### [What to do]
For each record that follows, write out an identical copy.
** Given entries follows **
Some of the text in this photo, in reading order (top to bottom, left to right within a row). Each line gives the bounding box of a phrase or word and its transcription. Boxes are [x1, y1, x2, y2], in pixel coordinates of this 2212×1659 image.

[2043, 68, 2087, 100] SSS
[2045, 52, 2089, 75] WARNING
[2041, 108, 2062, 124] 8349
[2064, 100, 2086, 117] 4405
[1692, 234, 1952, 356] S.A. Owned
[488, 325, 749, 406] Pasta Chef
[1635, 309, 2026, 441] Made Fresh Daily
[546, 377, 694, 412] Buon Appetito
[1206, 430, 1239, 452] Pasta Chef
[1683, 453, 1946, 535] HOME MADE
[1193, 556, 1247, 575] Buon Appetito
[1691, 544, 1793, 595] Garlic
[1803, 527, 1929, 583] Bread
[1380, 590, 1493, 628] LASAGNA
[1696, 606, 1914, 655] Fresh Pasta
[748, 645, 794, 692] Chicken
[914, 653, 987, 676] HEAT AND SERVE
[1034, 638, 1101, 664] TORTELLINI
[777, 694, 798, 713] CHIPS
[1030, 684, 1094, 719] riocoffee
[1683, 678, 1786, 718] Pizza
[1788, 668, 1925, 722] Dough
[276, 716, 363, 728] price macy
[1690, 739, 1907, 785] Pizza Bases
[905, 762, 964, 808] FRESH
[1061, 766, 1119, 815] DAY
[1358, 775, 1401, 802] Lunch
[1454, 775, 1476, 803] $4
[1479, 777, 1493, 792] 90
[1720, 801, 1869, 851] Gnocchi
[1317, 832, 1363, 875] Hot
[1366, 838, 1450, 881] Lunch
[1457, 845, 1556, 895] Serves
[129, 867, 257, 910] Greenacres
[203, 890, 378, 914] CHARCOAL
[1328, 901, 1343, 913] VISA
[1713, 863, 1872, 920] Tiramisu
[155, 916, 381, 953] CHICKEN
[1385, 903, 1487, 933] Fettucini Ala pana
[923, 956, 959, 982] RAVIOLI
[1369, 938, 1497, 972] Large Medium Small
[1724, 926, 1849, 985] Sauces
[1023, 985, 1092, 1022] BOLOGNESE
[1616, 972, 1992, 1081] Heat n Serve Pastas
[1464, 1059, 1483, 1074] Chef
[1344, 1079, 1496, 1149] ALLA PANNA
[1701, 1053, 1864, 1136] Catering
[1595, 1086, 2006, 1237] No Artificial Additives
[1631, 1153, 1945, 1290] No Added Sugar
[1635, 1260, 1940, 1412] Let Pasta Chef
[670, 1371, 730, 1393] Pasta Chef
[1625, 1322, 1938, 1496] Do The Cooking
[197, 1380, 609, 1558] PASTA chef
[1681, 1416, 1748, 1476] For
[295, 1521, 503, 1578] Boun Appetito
** End of Given entries **
### [Written solution]
Some of the text in this photo, in reading order (top to bottom, left to right within a row). Each line gives the bounding box of a phrase or word and its transcription. Boxes are [x1, y1, x2, y2], in pixel coordinates of this 2212×1659 image.

[2043, 68, 2087, 100] SSS
[2045, 52, 2089, 75] WARNING
[2041, 108, 2062, 124] 8349
[2064, 100, 2086, 117] 4405
[1692, 234, 1952, 356] S.A. Owned
[488, 325, 749, 406] Pasta Chef
[1635, 309, 2026, 441] Made Fresh Daily
[546, 377, 694, 412] Buon Appetito
[1206, 430, 1239, 452] Pasta Chef
[1683, 453, 1946, 535] HOME MADE
[1193, 556, 1247, 575] Buon Appetito
[1691, 544, 1793, 595] Garlic
[1803, 527, 1929, 583] Bread
[1380, 590, 1493, 628] LASAGNA
[1696, 606, 1914, 655] Fresh Pasta
[748, 645, 794, 692] Chicken
[914, 653, 987, 676] HEAT AND SERVE
[1034, 638, 1101, 664] TORTELLINI
[777, 694, 798, 713] CHIPS
[1030, 684, 1094, 719] riocoffee
[1683, 678, 1786, 718] Pizza
[1788, 668, 1925, 722] Dough
[276, 716, 363, 728] price macy
[1690, 739, 1907, 785] Pizza Bases
[905, 762, 964, 808] FRESH
[1061, 766, 1119, 815] DAY
[1358, 775, 1401, 802] Lunch
[1454, 775, 1476, 803] $4
[1479, 777, 1493, 792] 90
[1720, 801, 1869, 851] Gnocchi
[1317, 832, 1363, 875] Hot
[1366, 838, 1450, 881] Lunch
[1457, 845, 1556, 895] Serves
[129, 867, 257, 910] Greenacres
[203, 890, 378, 914] CHARCOAL
[1328, 901, 1343, 913] VISA
[1713, 863, 1872, 920] Tiramisu
[155, 916, 381, 953] CHICKEN
[1385, 903, 1487, 933] Fettucini Ala pana
[923, 956, 959, 982] RAVIOLI
[1369, 938, 1497, 972] Large Medium Small
[1724, 926, 1849, 985] Sauces
[1023, 985, 1092, 1022] BOLOGNESE
[1616, 972, 1992, 1081] Heat n Serve Pastas
[1464, 1059, 1483, 1074] Chef
[1344, 1079, 1496, 1149] ALLA PANNA
[1701, 1053, 1864, 1136] Catering
[1595, 1086, 2006, 1237] No Artificial Additives
[1631, 1153, 1945, 1290] No Added Sugar
[1635, 1260, 1940, 1412] Let Pasta Chef
[670, 1371, 730, 1393] Pasta Chef
[1625, 1322, 1938, 1496] Do The Cooking
[197, 1380, 609, 1558] PASTA chef
[1681, 1416, 1748, 1476] For
[295, 1521, 503, 1578] Boun Appetito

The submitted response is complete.